Hay quienes han sido educados de manera tal que asocian el placer de la comida al pecado o la enfermedad, y hasta puede que sean personas más saludables; pero muchos jamás disfrutarán de una buena cena (no se vive más comiendo comida macrobiótica sin sal —dice mi amigo Quique—, lo que sucede es que la vida se te hace más larga).

La publicidad de los alimentos para perros tiene la clave precisa: Nutrición y sabor.

Si algo me sale bien, o si hago un buen negocio, o si gano mucho dinero, puede ser que me sienta feliz o puede ser que no. De hecho, nada garantiza que algo agradable, que me da cierta cuota de alegría, se identifique con la felicidad. Que me cuenten un chiste y me ría no quiere decir que esté siendo feliz.

Tercera gran confusión: Creer que con el amor alcanza

Aquellos que ligados a las novelas románticas esperan el amor de su vida

Aquellos que idealizan el vínculo creyendo que todo está allí esperando

Aquellos que creen que si hay amor todo lo demás no tiene importancia

Aquellos que creen en la historia de la media naranja

Aquellos cuya única referencia filosófica es el bolero

Aquellos que usaron su frustración de la adolescencia para justificarlo todo detrás de la pantalla del sufrimiento por el amor imposible

Aquellos que podrían suicidarse por amor, pero no están dispuestos a vivir por él

Aquellos que creen que el amor es desaparecer en el otro

Aquellos que luchan por sostener lo imposible, los amores incondicionales, eternos e infinitos

Aquellos, por fin, que en lugar de traerle poesía a sus vidas pretenden hacer de sus vidas un poema de amor...

... no pueden estar equivocados, entre otras cosas, porque cada vez son más.

De hecho no es una equivocación, están confundidos:

La vida es una transacción amorosa, no una transacción comercial.

En 1995, la Asociación Norteamericana de Hospitales Veterinarios realizó una encuesta entre los dueños de mascotas. Los resultados que arrojó son, por lo menos, llamativos:

El 60% declaró que si estuviera en una isla desierta su compañía preferida sería su mascota y no otra persona.

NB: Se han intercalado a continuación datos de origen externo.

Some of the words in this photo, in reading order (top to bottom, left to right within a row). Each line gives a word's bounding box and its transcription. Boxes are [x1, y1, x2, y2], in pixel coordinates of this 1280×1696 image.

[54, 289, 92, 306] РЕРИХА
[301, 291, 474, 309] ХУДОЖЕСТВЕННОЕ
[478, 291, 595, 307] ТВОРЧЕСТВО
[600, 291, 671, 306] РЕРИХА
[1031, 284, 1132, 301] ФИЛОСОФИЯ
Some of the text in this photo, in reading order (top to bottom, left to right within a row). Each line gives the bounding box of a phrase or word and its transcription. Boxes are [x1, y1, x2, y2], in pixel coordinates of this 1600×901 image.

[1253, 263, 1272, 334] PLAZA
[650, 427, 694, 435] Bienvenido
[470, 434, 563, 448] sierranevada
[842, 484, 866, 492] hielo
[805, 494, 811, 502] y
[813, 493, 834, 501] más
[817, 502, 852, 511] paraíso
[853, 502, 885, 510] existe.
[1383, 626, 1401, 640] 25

El 47 % afirmó que si su perro y un extraño se estuvieran ahogando, salvaría primero a su perro, y el 25% contestó que no sabría qué hacer.

El 72% incluyó a su mascota entre sus cinco afectos más importantes.

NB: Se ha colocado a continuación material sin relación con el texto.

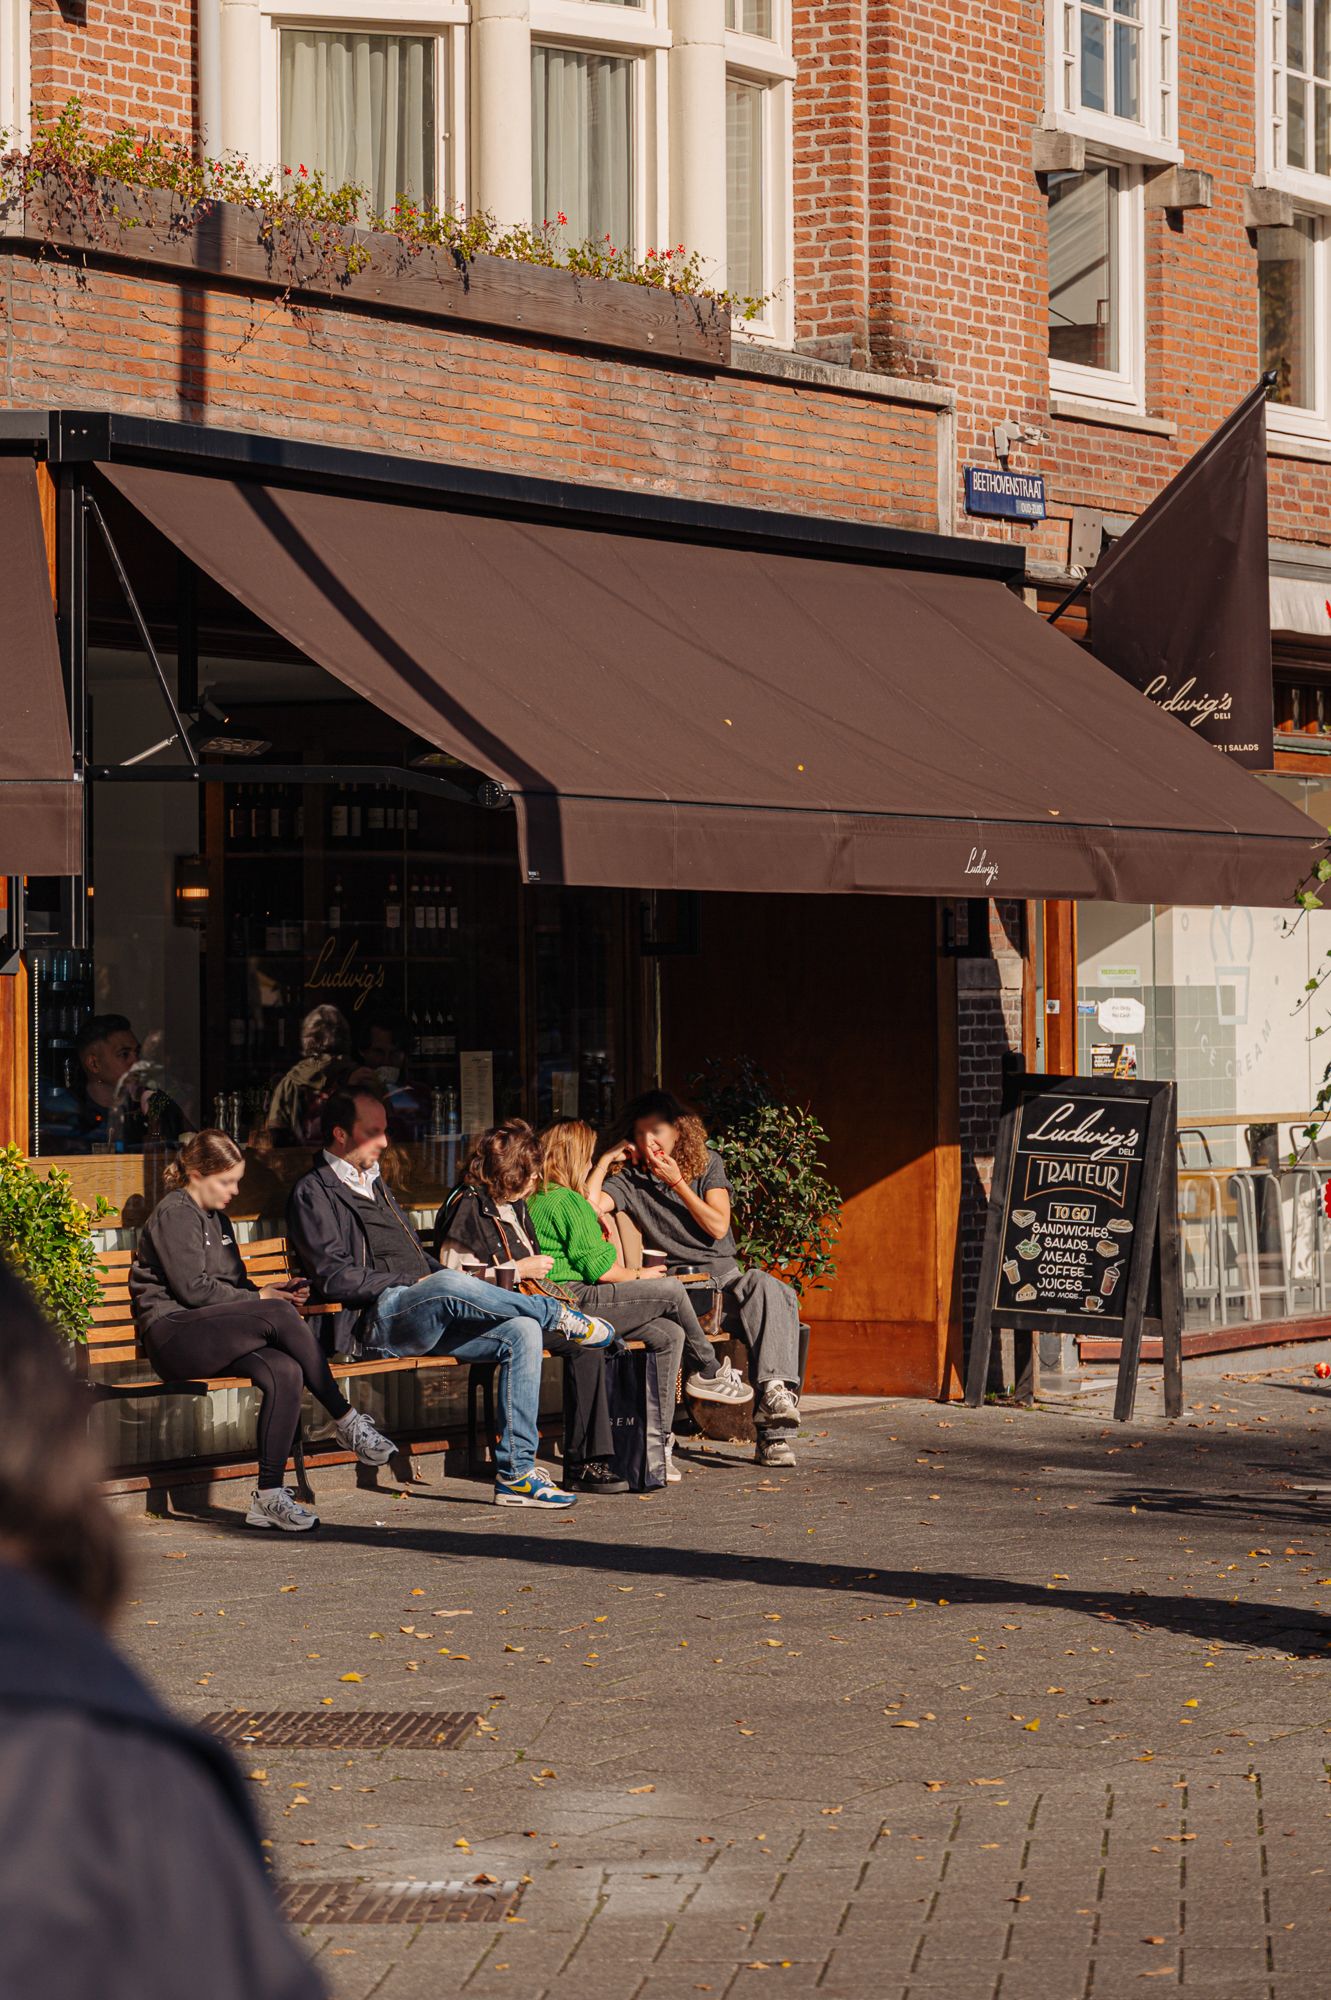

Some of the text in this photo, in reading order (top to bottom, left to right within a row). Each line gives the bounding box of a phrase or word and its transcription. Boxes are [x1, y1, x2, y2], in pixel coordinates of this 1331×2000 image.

[972, 471, 1042, 499] BEETHOVENSTRAAT
[1213, 712, 1232, 720] DELI
[1228, 743, 1260, 752] SALADS
[964, 846, 999, 886] Ludwig's
[303, 936, 385, 1011] Ludwig's
[1194, 1018, 1272, 1078] ICE CREAM
[1027, 1103, 1139, 1161] Ludwig's
[1118, 1146, 1135, 1156] DELI
[1036, 1160, 1122, 1197] TRAITEUR
[1054, 1205, 1090, 1221] TO GO
[1040, 1290, 1055, 1298] AND

Por último, casi el 30% de los encuestados admitió que había por lo menos un miembro de su familia de origen con el cual no se veía o al que prefería no volver a ver nunca más. Todos ellos aseguraron que no sabrían cómo sobrevivir a la muerte de su perro o de su gato.

Creo que la razón de estas respuestas no es difícil de imaginar.

El amor que sentimos por nuestras mascotas es absolutamente compensado con un igualmente incondicional amor de su parte. Y este amor mutuo es de la mejor calidad, «el regocijo por la sola existencia del ser amado», al decir de Joseph Zinker en su definición del verdadero amor.

Evidentemente, la idea de sostener tamaña incondicionalidad se acaba con nuestros padres. Es indudable que merecemos un trato decente de parte de todos los seres humanos y que estamos de alguna forma obligados a retribuirlo; pero es preciso construir y actualizar permanentemente el respeto y el amor.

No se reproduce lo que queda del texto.